The panel gave students the opportunity to have an open discussion about their campus jobs, as well as the expectations, responsibilities and working environments that come with it, according to the YDSA’s Instagram. Students in attendance took turns sharing their personal experiences working at BU, which included things they enjoy, dislike or wish they could change about their jobs.

One such attendee was John Ferrara, who serves as a tutor for the University’s Tutoring Services (UTS) and the Educational Opportunity Program (EOP), and is a sophomore majoring in biology. Ferrara said he applied to be a tutor because it was fulfilling to help people with the same things he once struggled with. He added that he likes that EOP focuses on helping underprivileged students.

Hudson Jakubowicz, also a UTS tutor and a junior majoring in biochemistry, agreed with Ferrara, and said the job has its benefits.

“I like being able to set my own hours and just interacting with the students,” Jakubowicz said. “They make the subject fun, because something like chemistry can be a dry subject. Being able to have some discussion with them just makes the session better. It’s something that keeps me engaged and that I enjoy even though it is technically my job.”

However, Ferrara and Jakubowicz also said they wished they were paid more for their services. Ferrara mentioned that there are times when more people than expected would show up to his tutoring sessions, and that getting paid minimum wage for those uncertainties was like “a slap in the face.”

In search of better pay, Jakubowicz said he has considered becoming a private tutor but decided being associated with the University was more valuable.

“I also like to be affiliated with the University because that means that professors and other people can recommend me to their students,” Jakubowicz said. “Whereas if I was a private tutor then I’d only be able to work with people who have the means to get my services, and that is not something that I would enjoy.”

Jakubowicz added that the University often treats student jobs as educational opportunities, rather than focusing on the reasons students need the jobs in the first place.

“I just think the mentality around it ignores the fact that a lot of these jobs are one of the ways that people are trying to pay one of their biggest expenses, which is being able to attend this college,” Jakubowicz said. “Some recognition that we are taking these jobs to be able to pay for this school is something that would go a long way.”

Additionally, some students expressed a desire to have a say in what gets written into their contracts. Noelle Dutch, chair of the YDSA, an organizer of the event and a senior majoring in political science, added that many job descriptions do not include the fact that supervisors ask more of their employees than what is mentioned on the contract.

“I just wish that we were at the table to make some of these decisions about our own jobs,” Dutch said. “I guess just even getting to be in the room and to come up with a contract that kind of says what part of our role is [enough] because anything our supervisor asks of us is also our role.”

Dutch said it was important to the YDSA to be able to hold events for student workers to talk freely and [to] recognize how important they are to the campus community.

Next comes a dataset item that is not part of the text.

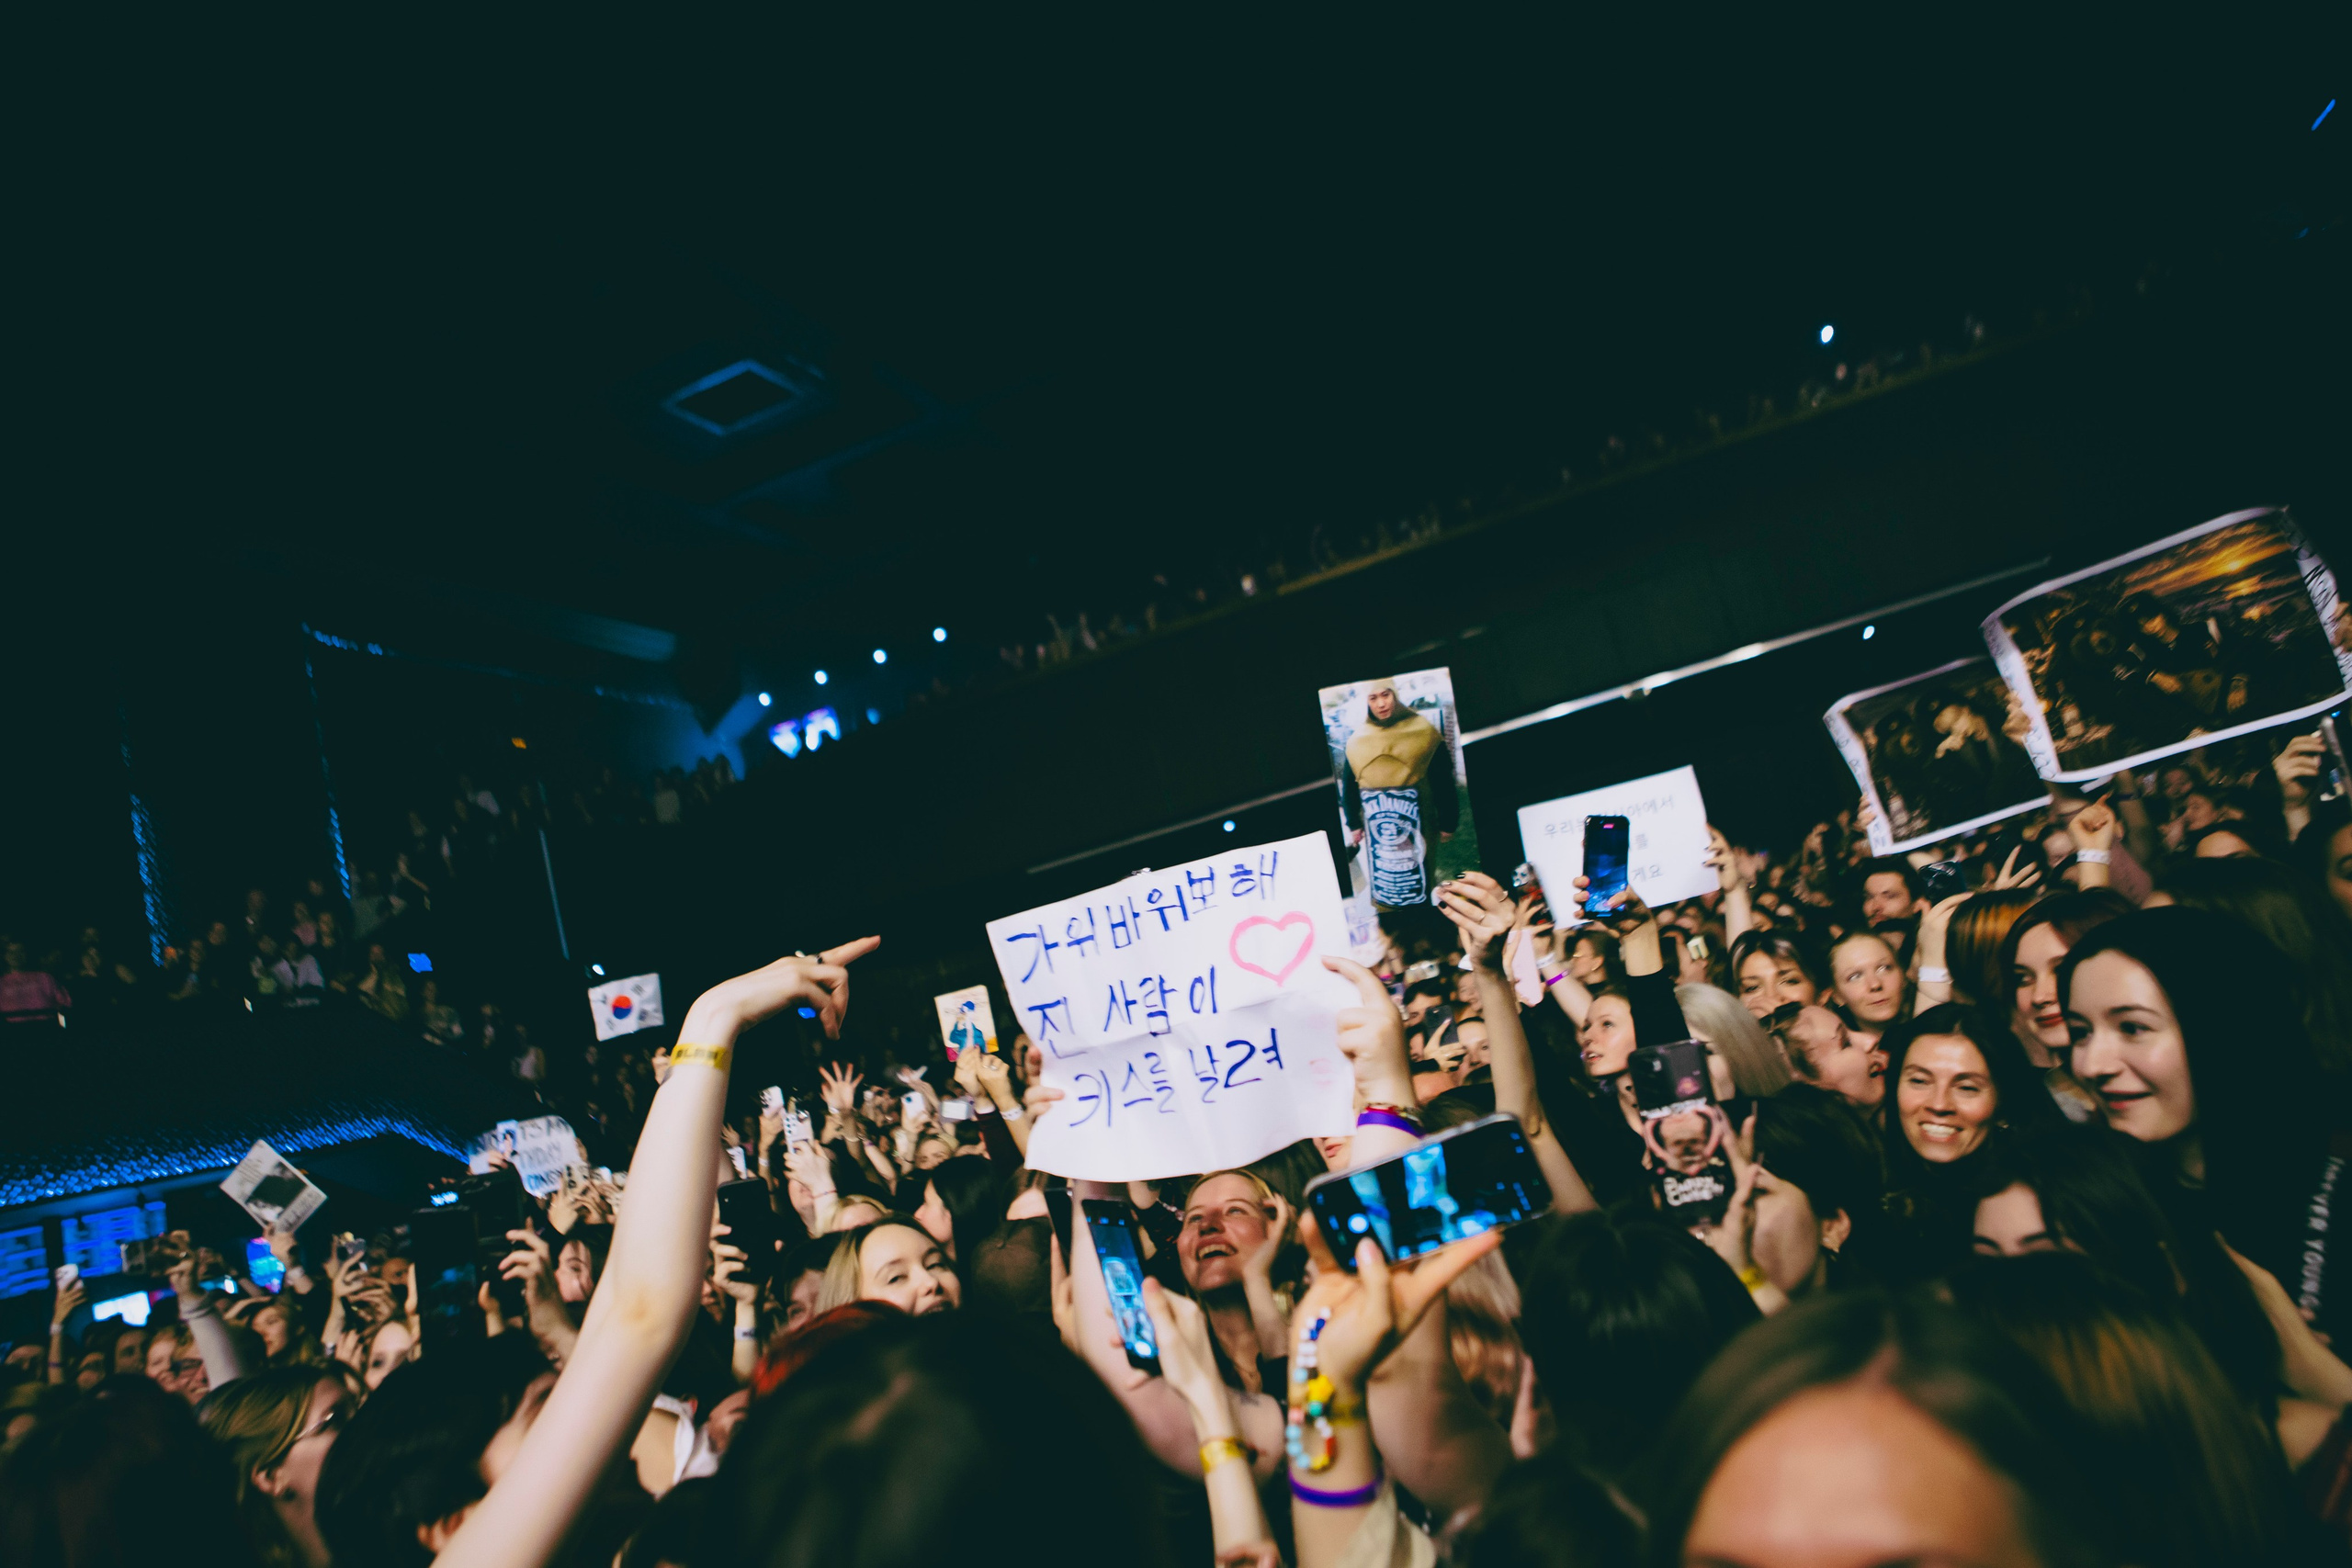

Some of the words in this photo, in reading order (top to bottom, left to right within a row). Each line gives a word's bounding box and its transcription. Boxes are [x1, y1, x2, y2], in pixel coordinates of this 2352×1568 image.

The YDSA will be hosting an educational follow-up meeting on Tuesday, Sept. 20, to discuss workplace communication and organizing, according to their B-Engaged page.

“A lot of our jobs are fundamental to the functioning of the school,” Dutch said. “Having students building awareness around their jobs is also really important and just being free to express how they feel about their jobs, whether it’s something positive and they absolutely love it or maybe they have complaints they haven’t been able to air before. I think providing a safe space for that is going to be super beneficial to the morale on campus and of student workers.”